**Exercise goal:** Start to finish, write out the entries exactly, leaving the pictures aside.

Free-text object descriptions

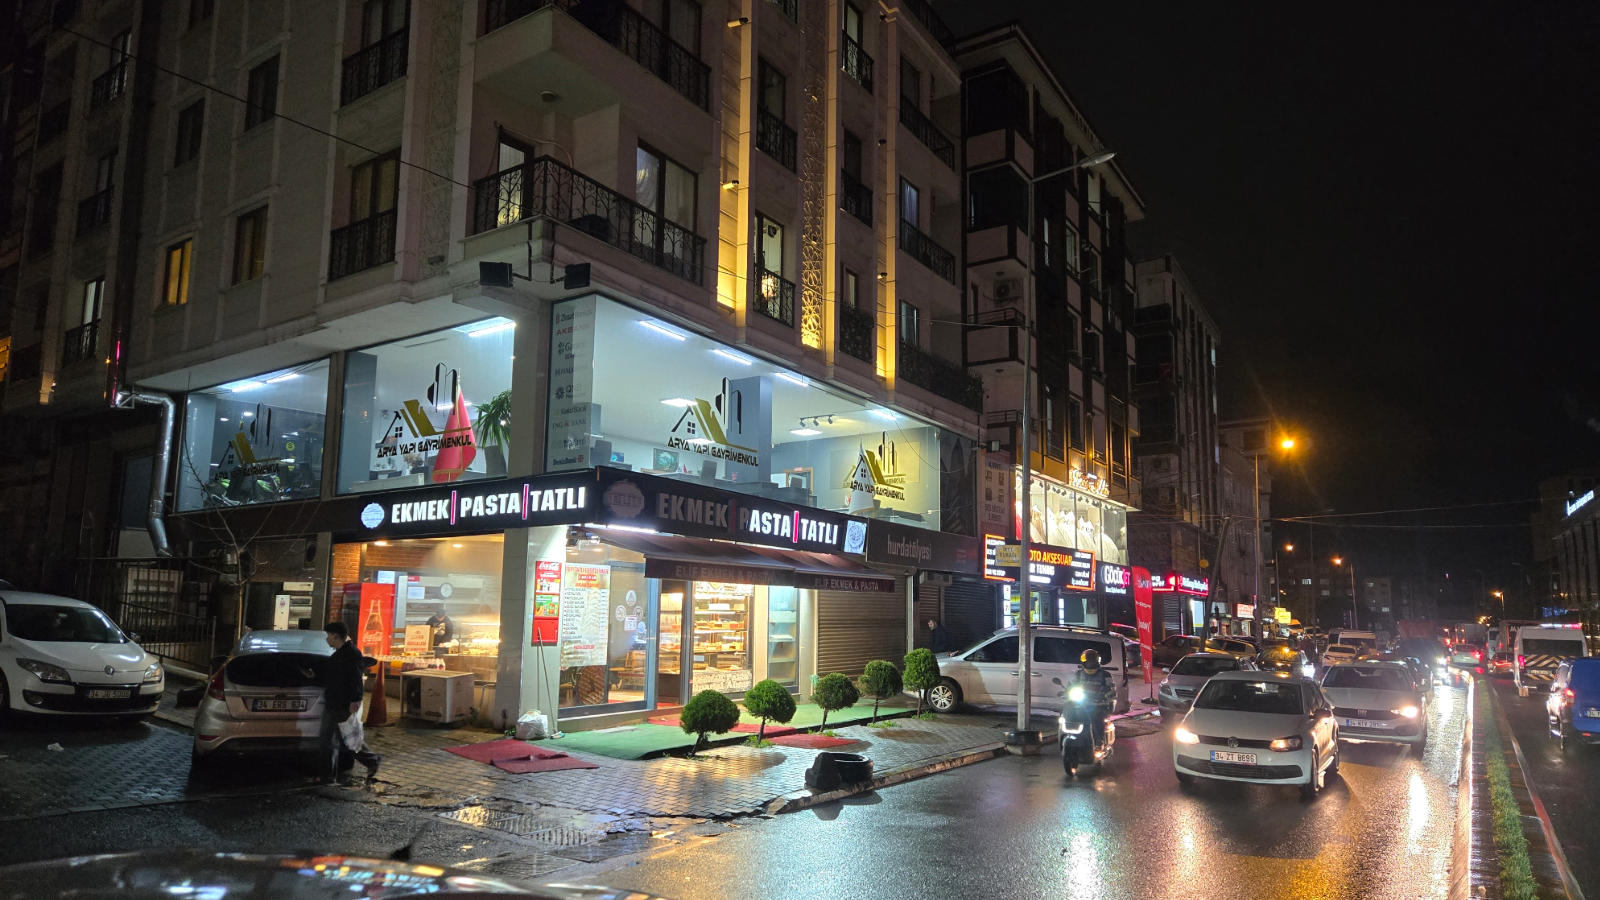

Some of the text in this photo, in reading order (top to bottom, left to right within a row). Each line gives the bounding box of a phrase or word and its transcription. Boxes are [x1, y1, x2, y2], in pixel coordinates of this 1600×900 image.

[556, 322, 591, 336] AKBANK
[564, 340, 587, 352] Garanti
[377, 435, 472, 458] ARYA YAPI GAYRİMENKUL
[667, 436, 759, 467] ARYA YAPI GAYRİMENKUL
[849, 480, 864, 491] ARYA
[391, 503, 449, 524] EKMEK
[460, 492, 521, 518] PASTA
[530, 486, 586, 512] TATLI
[658, 492, 839, 545] EKMEK PASTA TATLI
[887, 534, 932, 563] hurdatölyesi
[1042, 551, 1073, 566] AKSESUAR
[675, 564, 697, 578] ELİF
[700, 566, 735, 579] EKMEK
[746, 570, 774, 583] PASTA
[814, 576, 829, 588] ELİF
[830, 578, 853, 590] EKMEK
[860, 580, 879, 591] PASTA
[90, 690, 99, 698] 34
[257, 701, 305, 709] 34 ERS 634
[1215, 752, 1224, 760] 34
[1226, 753, 1235, 761] ZT
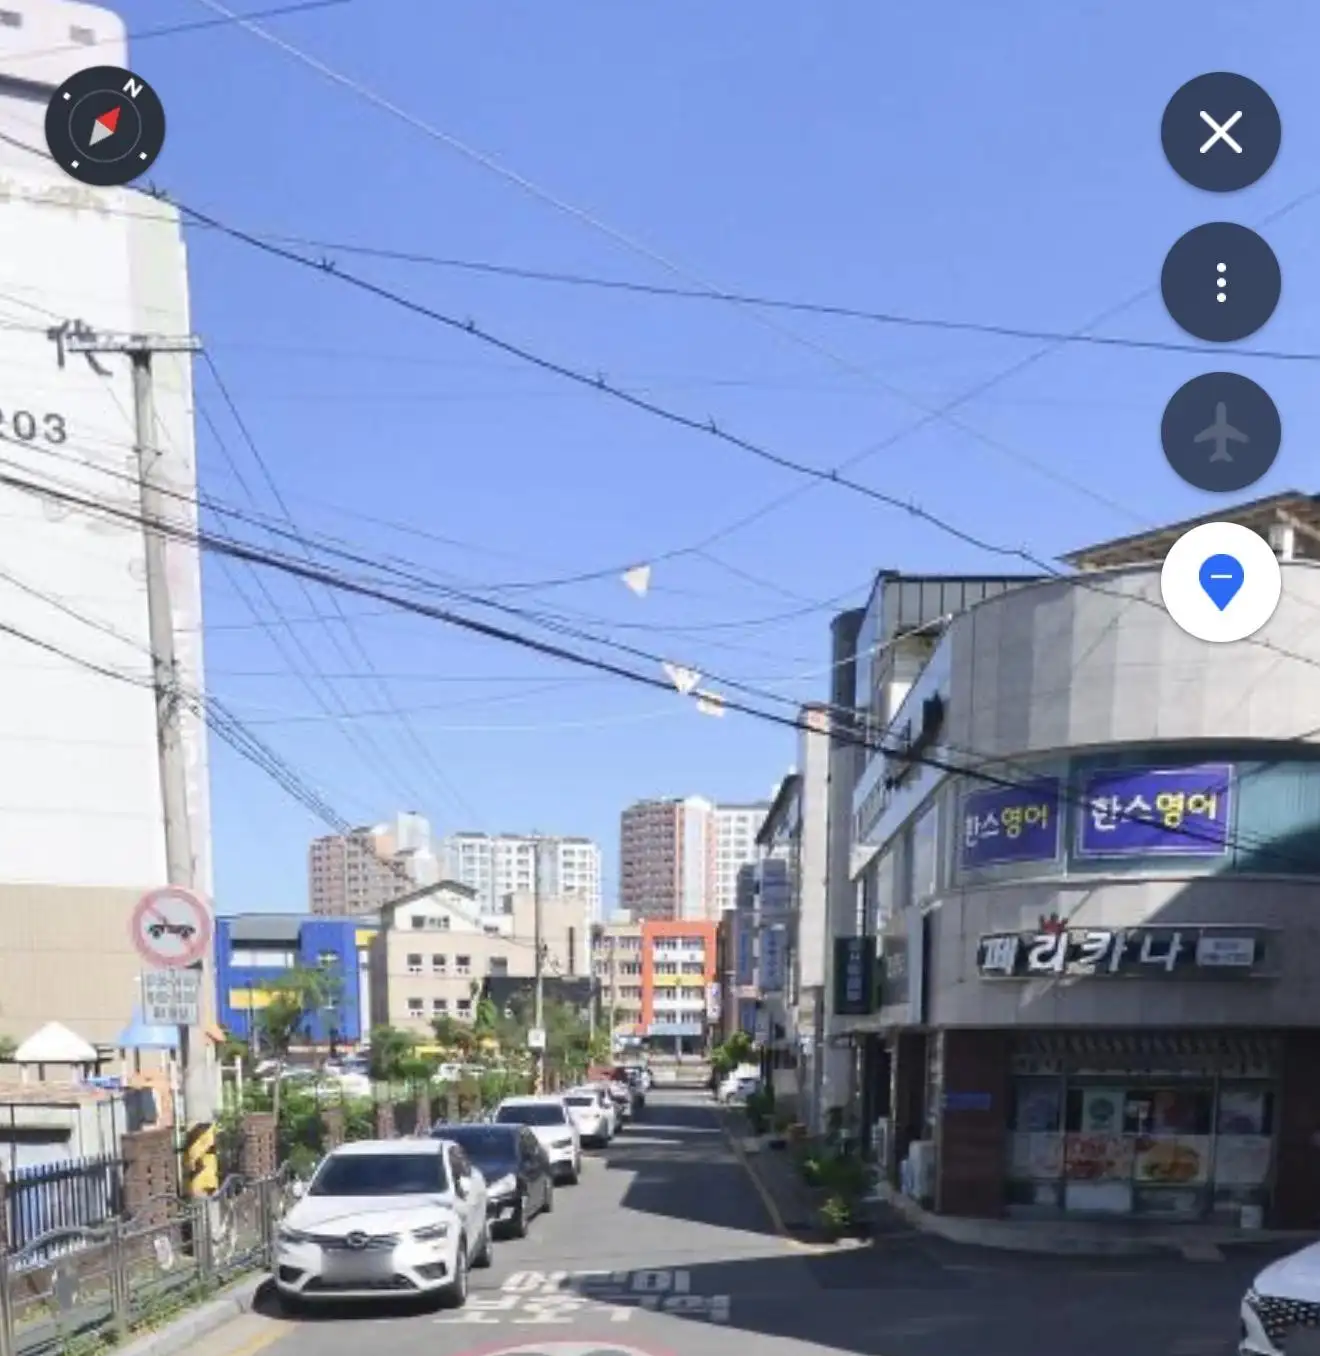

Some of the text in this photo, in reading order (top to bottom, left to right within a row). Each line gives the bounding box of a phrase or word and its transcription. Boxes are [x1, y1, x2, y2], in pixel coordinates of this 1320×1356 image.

[0, 408, 66, 444] 03
[965, 804, 1048, 848] 한스영어
[1091, 792, 1217, 831] 한스영어
[981, 931, 1182, 975] 페리카나
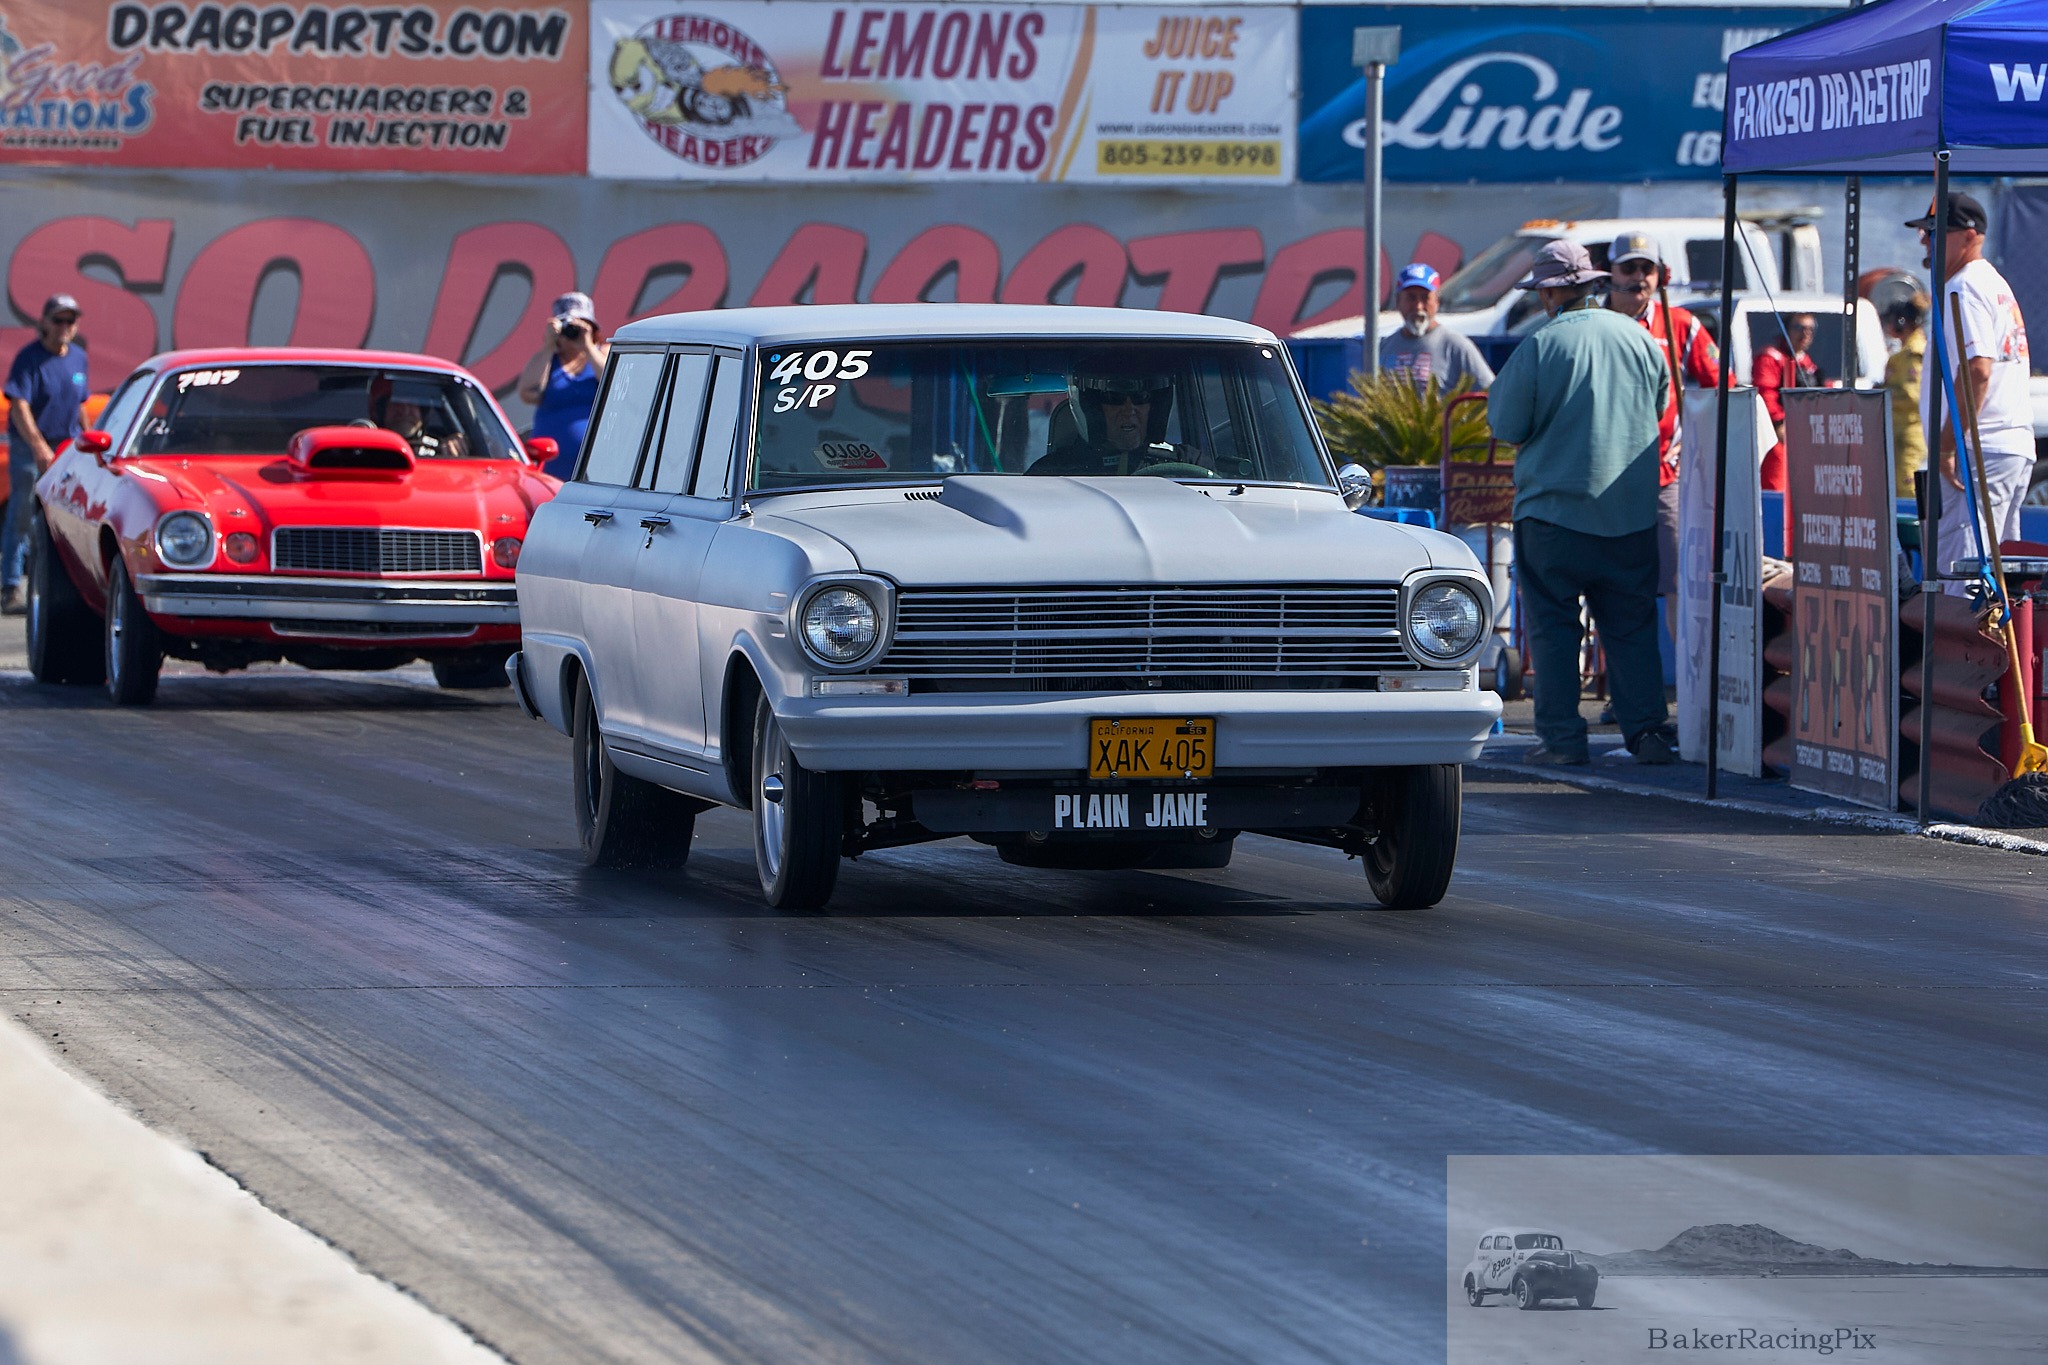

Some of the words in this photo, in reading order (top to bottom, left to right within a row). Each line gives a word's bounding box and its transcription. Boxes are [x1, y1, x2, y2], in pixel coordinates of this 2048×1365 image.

**Exercise response:**
Some of the text in this photo, in reading order (top to bottom, left to right within a row). Each line gives the bounding box of a phrase or word and its transcription. Boxes are [x1, y1, x2, y2], in pixel coordinates of this 1600×900 image.

[556, 322, 591, 336] AKBANK
[564, 340, 587, 352] Garanti
[377, 435, 472, 458] ARYA YAPI GAYRİMENKUL
[667, 436, 759, 467] ARYA YAPI GAYRİMENKUL
[849, 480, 864, 491] ARYA
[391, 503, 449, 524] EKMEK
[460, 492, 521, 518] PASTA
[530, 486, 586, 512] TATLI
[658, 492, 839, 545] EKMEK PASTA TATLI
[887, 534, 932, 563] hurdatölyesi
[1042, 551, 1073, 566] AKSESUAR
[675, 564, 697, 578] ELİF
[700, 566, 735, 579] EKMEK
[746, 570, 774, 583] PASTA
[814, 576, 829, 588] ELİF
[830, 578, 853, 590] EKMEK
[860, 580, 879, 591] PASTA
[90, 690, 99, 698] 34
[257, 701, 305, 709] 34 ERS 634
[1215, 752, 1224, 760] 34
[1226, 753, 1235, 761] ZT

Some of the text in this photo, in reading order (top to bottom, left to right within a row). Each line gives the bounding box of a phrase or word and its transcription. Boxes are [x1, y1, x2, y2], in pixel coordinates of this 1320×1356 image.

[0, 408, 66, 444] 03
[965, 804, 1048, 848] 한스영어
[1091, 792, 1217, 831] 한스영어
[981, 931, 1182, 975] 페리카나

Some of the words in this photo, in reading order (top to bottom, left to right within a row). Each line gives a word's bounding box and its transcription. Boxes are [x1, y1, x2, y2], in pixel coordinates of this 2048×1365 image.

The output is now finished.